Meanwhile, I was there in the house expressly to escape the confines of the upper-crust world. A bony, scowling, and acne-pocked iconoclast, I’d never fit in at my prep school back in Connecticut. But there in New Hampshire, hanging out with my friends, year-round residents all, I’d been able to flourish — to recast myself as a wry comedian and a sort of visiting scholar capable of leading beery colloquiums on, say, the writings of Nietzsche and what The Door’s Jim Morrison really meant as he writhed his way through his 12-minute epic, “Celebration of the Lizard,” on the “Absolutely Live” album.
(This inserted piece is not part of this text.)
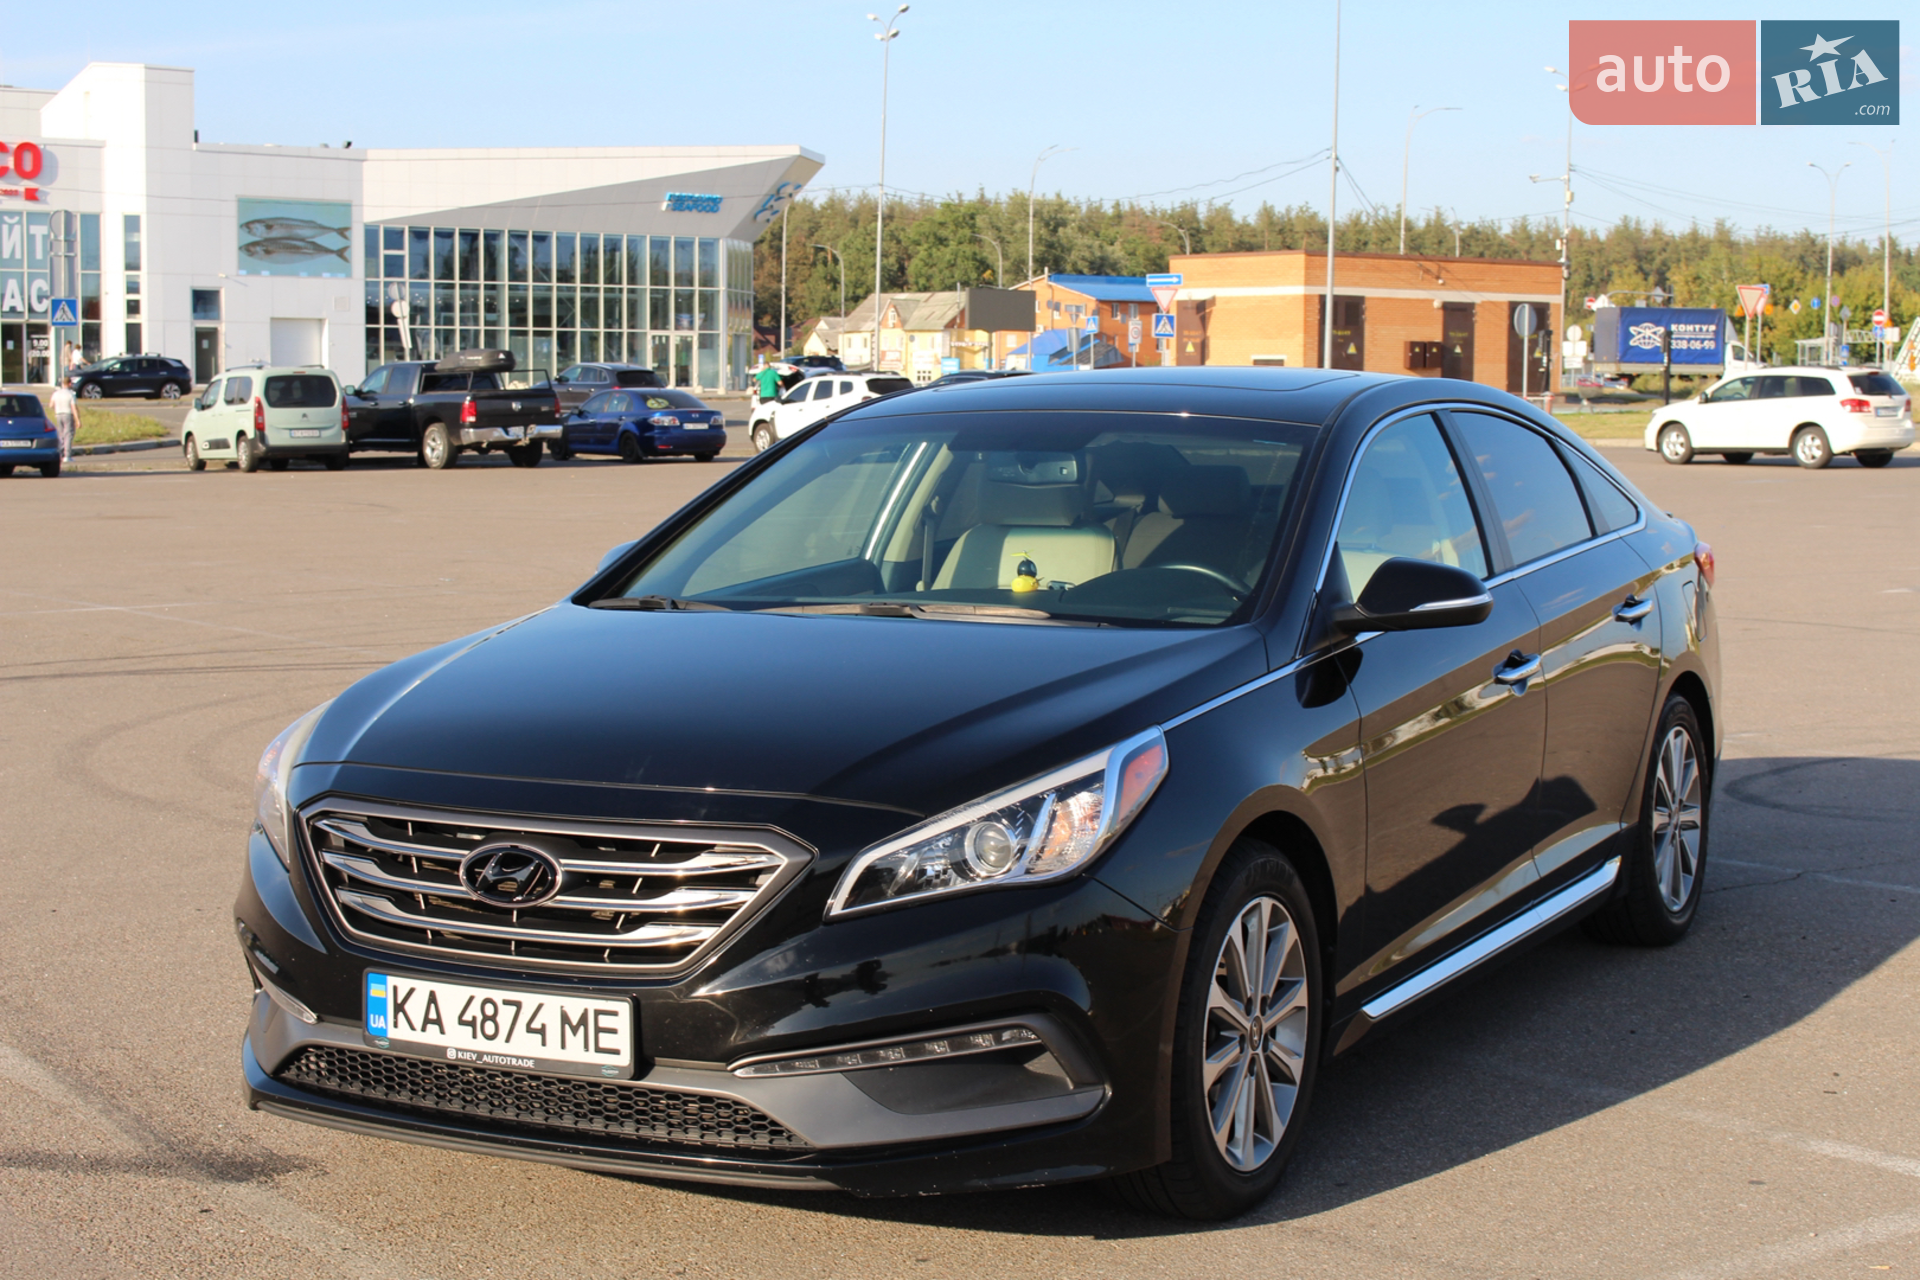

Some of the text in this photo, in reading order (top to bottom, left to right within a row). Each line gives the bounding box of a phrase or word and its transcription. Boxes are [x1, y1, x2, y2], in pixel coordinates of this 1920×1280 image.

[1671, 324, 1716, 332] КОНТУР
[1671, 340, 1716, 350] 338-06-99
[370, 984, 621, 1056] UA KA 4874 ME
I lived in my own sphere that summer, independent of my grandmother. I bagged groceries at the IGA. I trained for cross-country, running a few miles each day on the winding back roads, and I spent long hours burrowed in my upstairs bedroom, trying to impress myself with how profound and subversive I was. I used all the stage props at hand, so that when the show was in full swing I was sprawled on my bed wearing a red bandanna around my head, a pair of rust-colored corduroy cutoffs, and a white T-shirt from the Madison Cafe back in Hartford, where I’d already savored the 25-cent happy hour drafts, thanks to a home-doctored fake I.D. that would cut no ice in today’s more litigious times. I had my earphones plugged into my Walkman, and by the bedside was a small blue plastic cup half-filled with a slimy brown fluid. Every few minutes I would spit into it. I had a penchant back then for Red Man chewing tobacco.

The most critical part of the equation, though, was the spiral notebook in my lap. I was keeping a journal that summer — stowing it in my sock drawer and filling it with my most private and deepest thoughts: my meditations on world peace and on certain girls I admired, along with notes on the classic rock I was still listening to, even in 1982, and on the various parties I attended in town that summer. These were not polite gatherings. At one, a fellow nicknamed Hinckley, after Ronald Reagan’s would-be assassin John Hinckley, arrived late. He drove his van right up onto the lawn, crushing the host’s flimsy patio furniture, and then proceeded inside with his posse. There, he pried the cover off the back of the television set and, laughing, poured Old Milwaukee onto the filaments within.

Anyway, Granny knew about the journal, and when I was ensconced in my secret writing, she mostly gave me my space. Between songs, I’d hear her downstairs, rustling around in the small pantry, perhaps, or slamming a cast iron skillet onto the stove, so as to cook supper for herself and my step-grandfather, Ebby, a deaf and retiring Southern gentleman who was serving as her third husband. Her movements always seemed muscular and proprietary.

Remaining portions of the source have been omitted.